Sitka Travel Guide


The setting of Sitka, Alaska, in a tranquil bay on Baranof Island, is nothing short of spectacular. Tiny islands dense with evergreen trees dot the blue-green water, which is crisscrossed by dozens of fishing boats. Looming over the town and waterfront is Mount Edgecumbe, a Mount Fuji look-alike located on a nearby island.

Sitka also has a rich legacy of artifacts and traditions from the Alaska Native, Russian and early-U.S. eras. It is the ancestral home of the Kiksadi Tlingit people. In the 1800s, before Alaska was sold to the U.S., the town was a major Russian port, headquarters of the Russian-American Company, established to promote the fur trade, and the capital of Russian North America.

Sitka has 24 listings on the National Register of Historic Places, seven of which are National Historical Landmarks, and Sitka was named one of America's Dozen Distinctive Destinations by the National Trust for Historic Preservation.

But don't spend all your time touring historic buildings—Sitka also has an abundance of wildlife. Humpback whales frolic in the bay; massive brown bears and Sitka black-tailed deer roam through nearby forests of Sitka spruce and hemlock; and thousands of seabirds, including the rare rhinoceros auklet and tufted puffin, flock to St. Lazaria National Wildlife Refuge at the mouth of Sitka Sound.


Sitka is one of southeast Alaska's most picturesque communities. Accessible only by air or sea (like most southeast Alaska communities), Sitka sits on the outer coast of Baranof Island in serene Sitka Sound, a body of water that protects the community from the pounding Pacific Ocean but not from the rain. The average annual precipitation measures 96 in/244 cm, including 39 in/99 cm of snow.

Hundreds of spruce- and hemlock-studded islands dot the sound, and snowcapped volcano Mount Edgecumbe rises majestically 3,200 ft/992 m in the background. (It last erupted 8,000 years ago.) Sitka has only 14 mi/23 km of paved roads.


The Russian-American Company's insatiable search for sea-otter fur lured the Russians to the Sitka region in 1799. The Kiksadi Clan of the Tlingit people living in the area refused to become slaves to the fur traders and attacked the Russian outpost in 1802, killing most of the Russians and their Aleut slaves. Two years later, company manager Alexander Baranof retaliated and drove out the Tlingits, founding New Archangel—which became Sitka—and built a stockade on what became known as Castle Hill.

In the 19th century, Sitka was the fur-trading capital of the world. It was the busiest port on the eastern side of the Pacific and the only shipyard north of Hawaii. By 1867, however, overhunting had diminished the sea-otter and fur-seal trade, so the Russians sold Alaska to the U.S. for US$7.2 million on 18 October. It was the equivalent of US$0.02 per acre in today's currency value. At the time, the sale was widely derided as wasteful by the majority of U.S. citizens—at least until the late 19th century, when gold was discovered in the area.

After 60 years as the capital of Russian North America, Sitka continued to function as the capital of the territory of Alaska until 1906, when the capital was moved to the gold-rich town of Juneau.
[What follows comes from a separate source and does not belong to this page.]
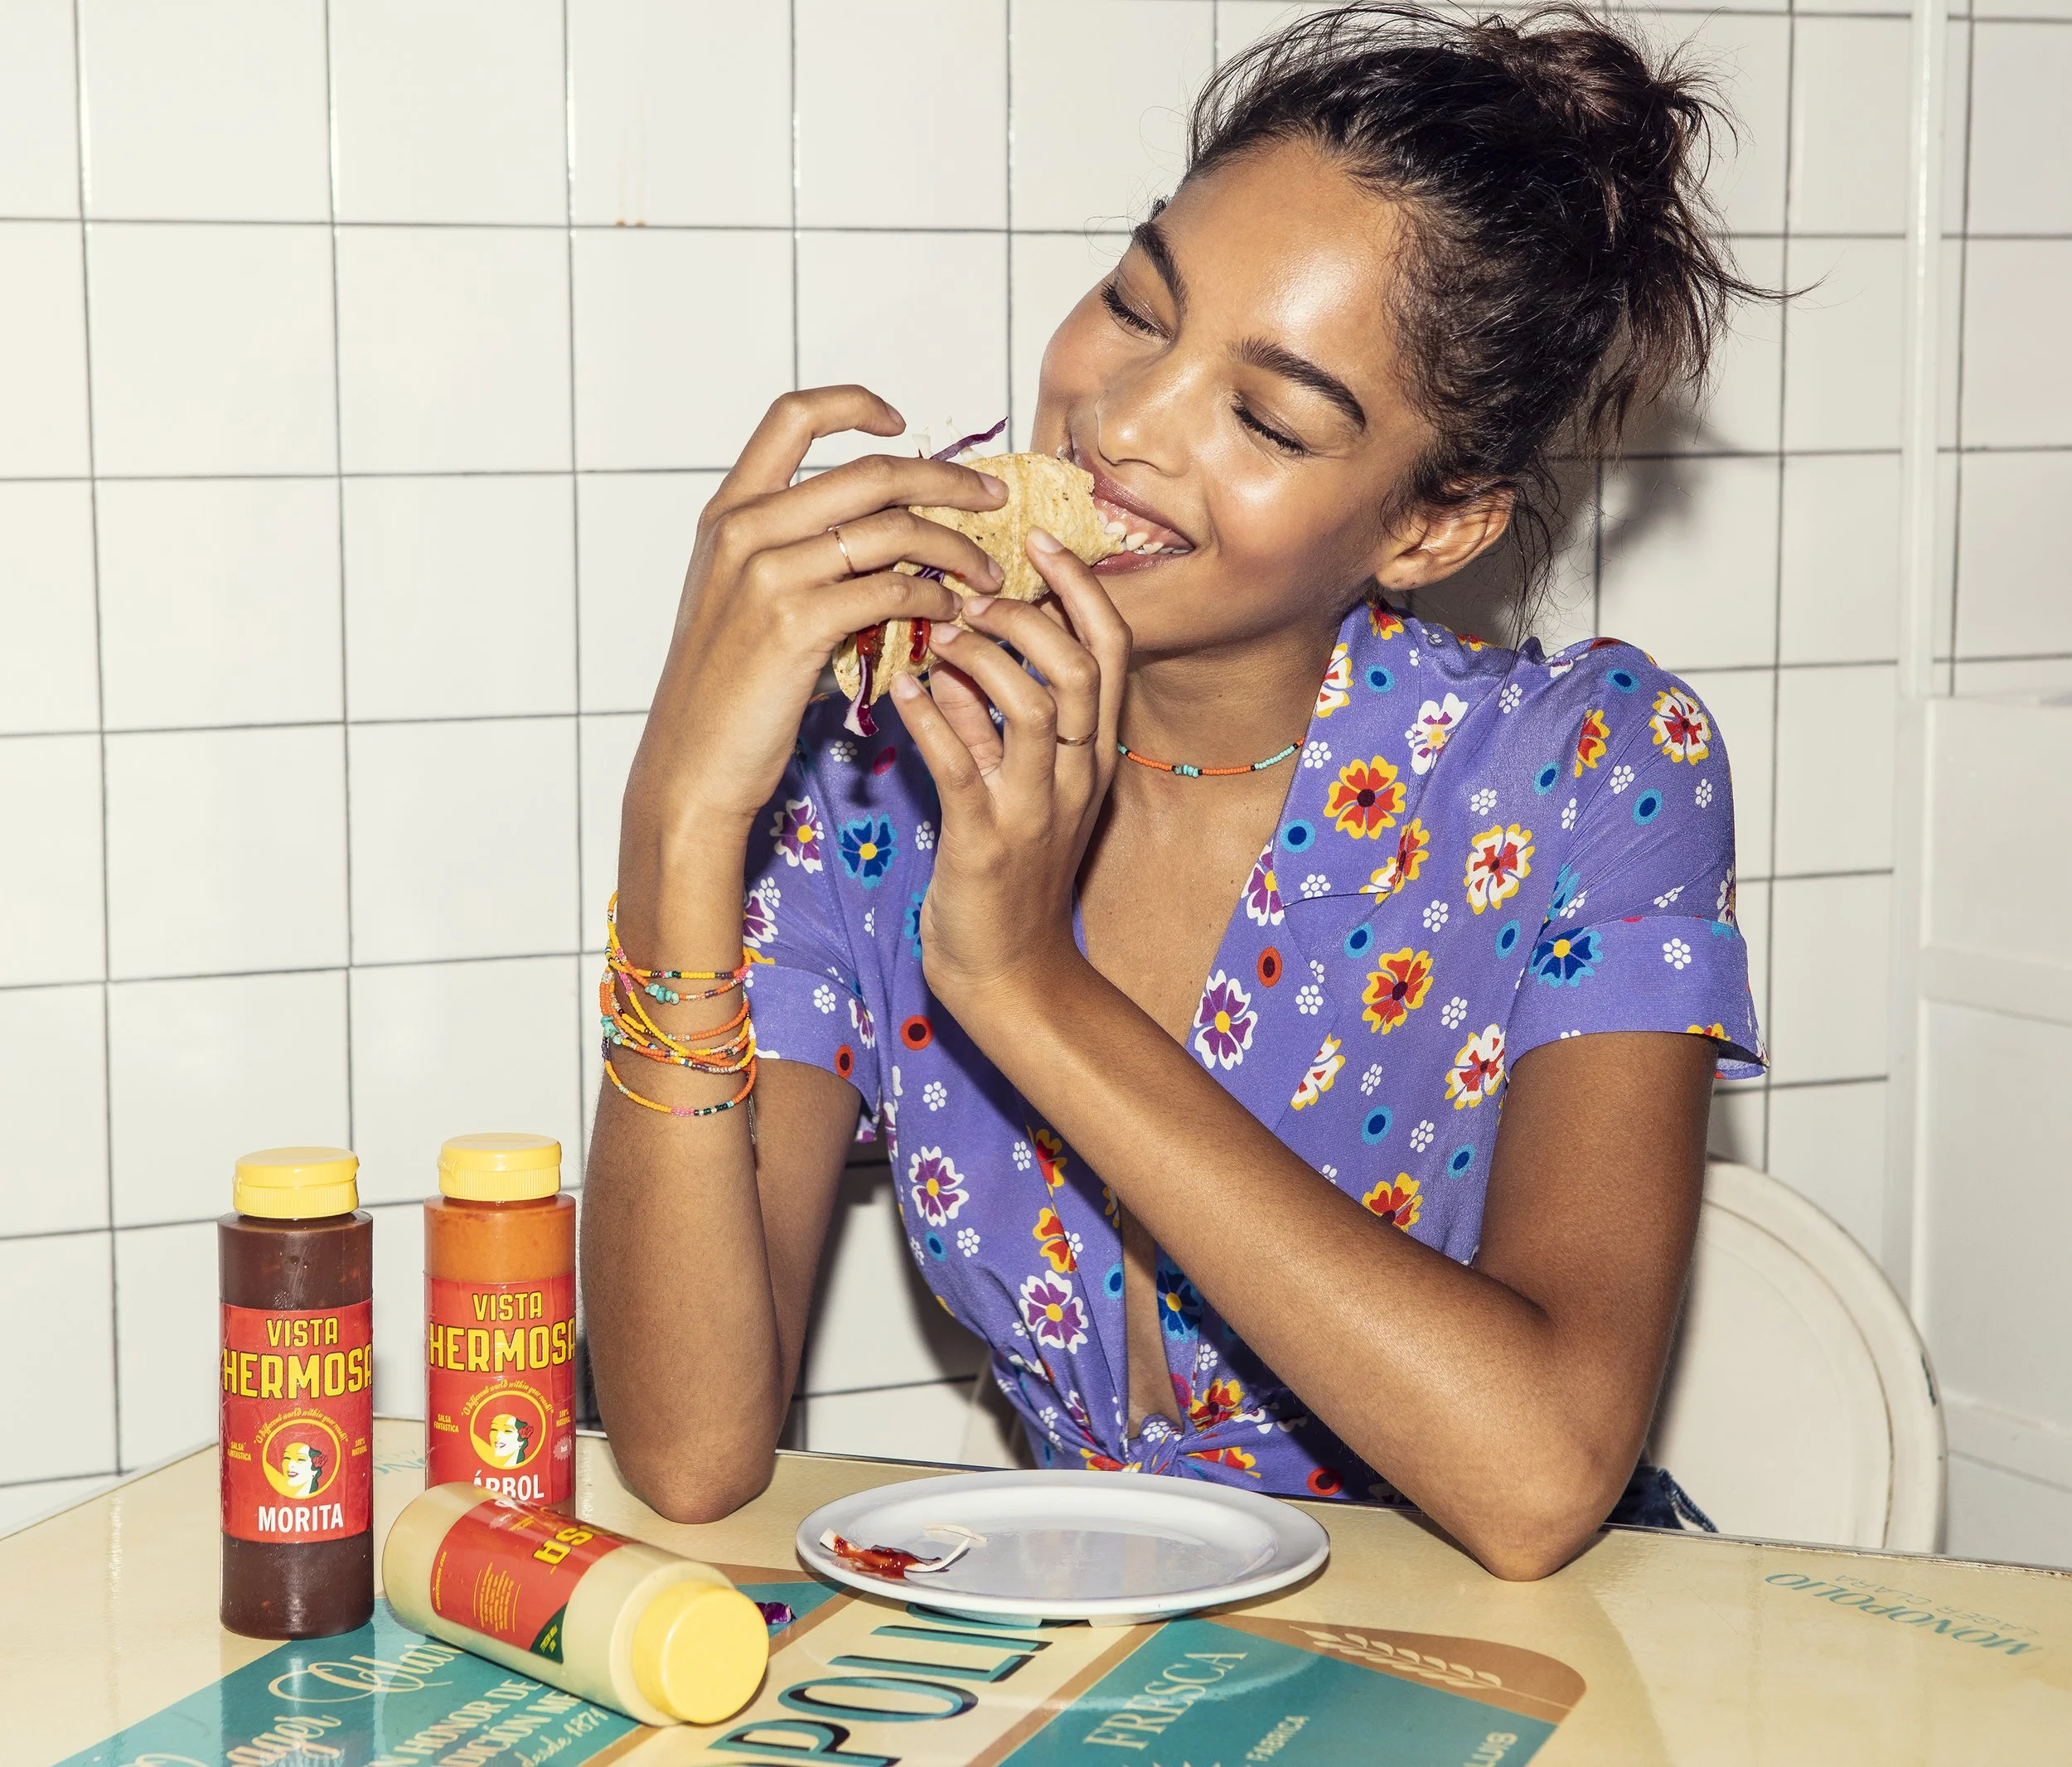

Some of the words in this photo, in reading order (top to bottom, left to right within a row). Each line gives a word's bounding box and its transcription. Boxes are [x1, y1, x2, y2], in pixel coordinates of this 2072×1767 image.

Sitka's legacy is its blending of Tlingit, Russian and U.S. culture and history, evident in the landmarks, tours and museums around town.
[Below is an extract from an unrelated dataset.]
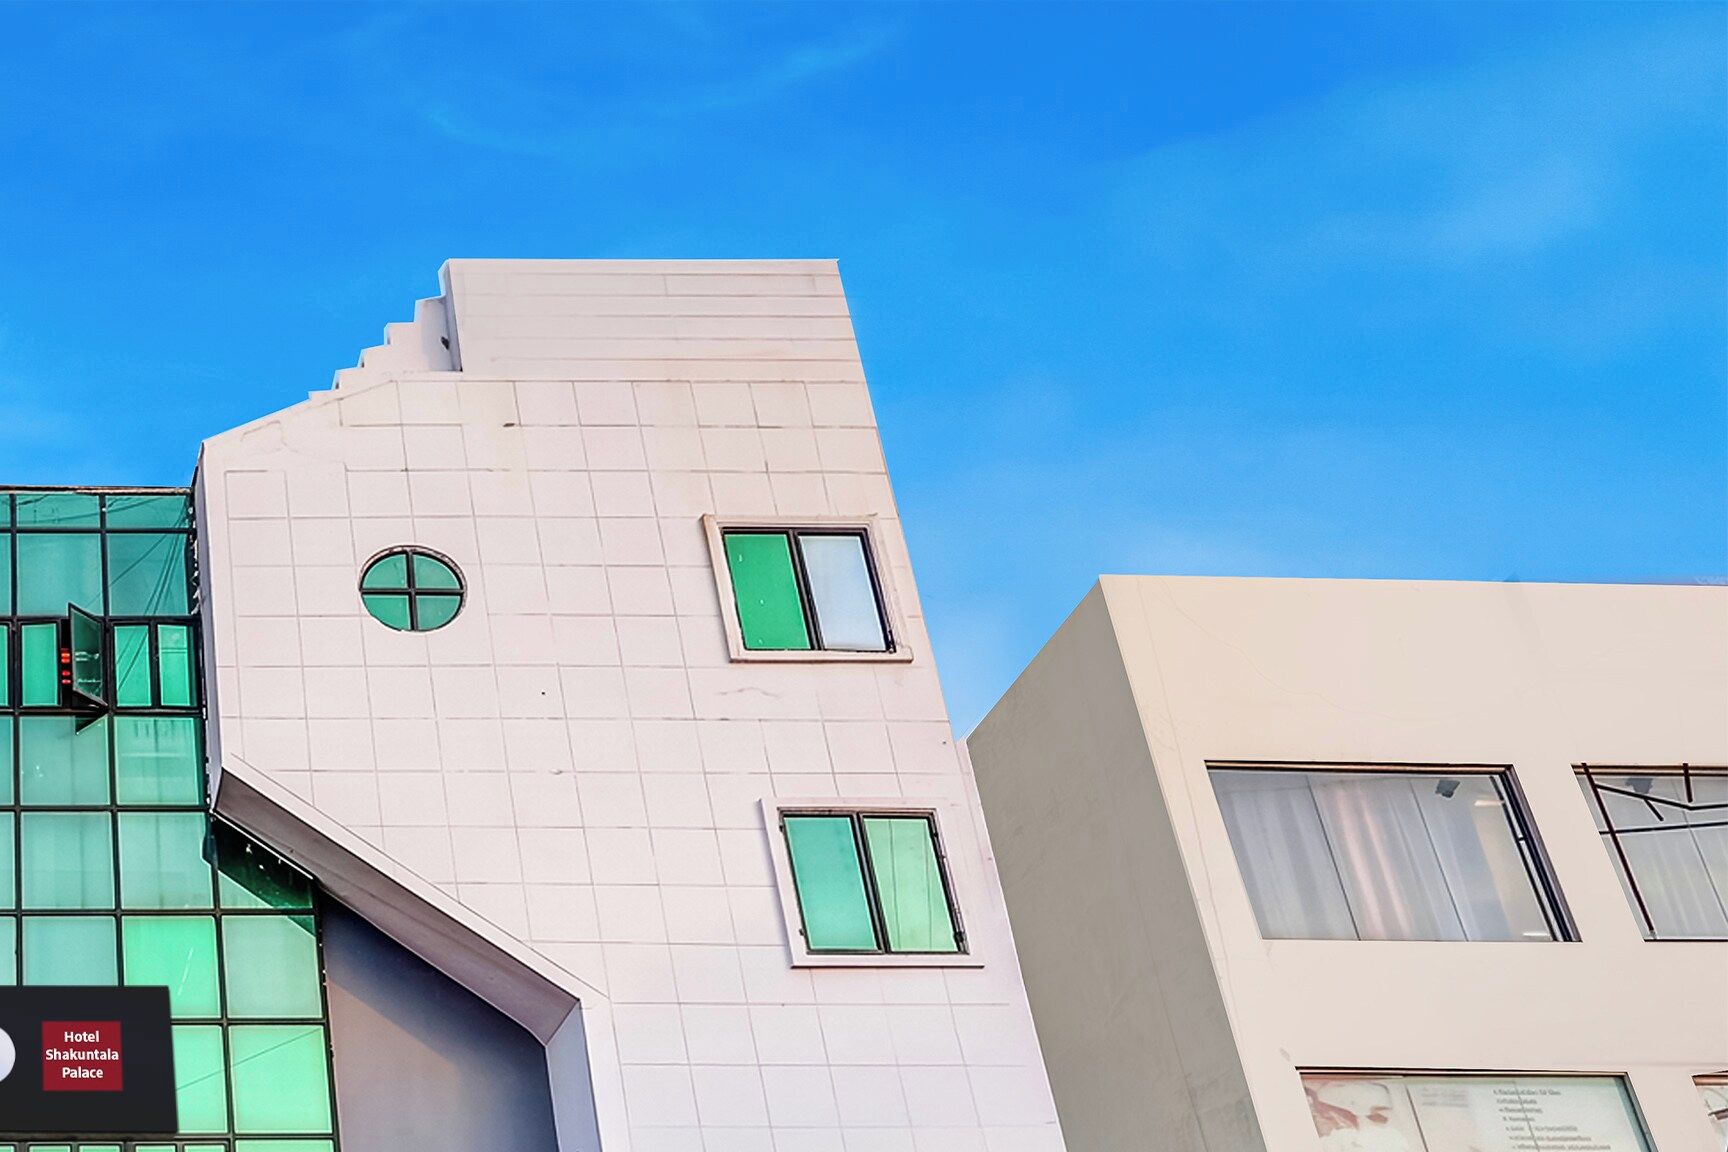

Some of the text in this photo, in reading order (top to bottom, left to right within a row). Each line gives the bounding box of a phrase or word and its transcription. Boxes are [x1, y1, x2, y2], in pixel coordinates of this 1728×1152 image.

[64, 1030, 100, 1043] Hotel
[45, 1047, 119, 1061] Shakuntala
[62, 1065, 104, 1079] Palace
Sightseeing in Sitka provides visitors with a glimpse of Russian, U.S. and Tlingit cultures and conflicts in the area. A must-see is the Sitka National Historical Park.
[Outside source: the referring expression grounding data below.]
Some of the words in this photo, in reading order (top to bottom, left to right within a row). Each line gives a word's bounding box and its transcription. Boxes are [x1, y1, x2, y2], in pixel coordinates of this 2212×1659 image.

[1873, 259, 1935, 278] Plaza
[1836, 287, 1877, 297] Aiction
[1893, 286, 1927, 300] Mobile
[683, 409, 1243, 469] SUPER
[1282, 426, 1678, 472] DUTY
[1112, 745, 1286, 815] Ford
The major wildlife attractions in the area focus on bears, humpback whales, sea otters, seabirds and birds of prey.


Typical of a small town, Sitka isn't brimming with nightlife activities. What you will find, however, is a handful of classy and salty bars filled with colorful locals.


Sitka's restaurant options are limited, and most prominently feature seafood.

On occasion, a colorful tent, labeled "Crab Feast," is set up to sell freshly steamed Dungeness crabs. Find it behind Brenner's Fine Clothing and Gifts at 124 Lincoln St.

Expect to pay within these general guidelines for a dinner for one, not including drinks, tax or tip: $ = less than US$10; $$ = US$10-$25; $$$ = US$26-$40; and $$$$ = more than US$40.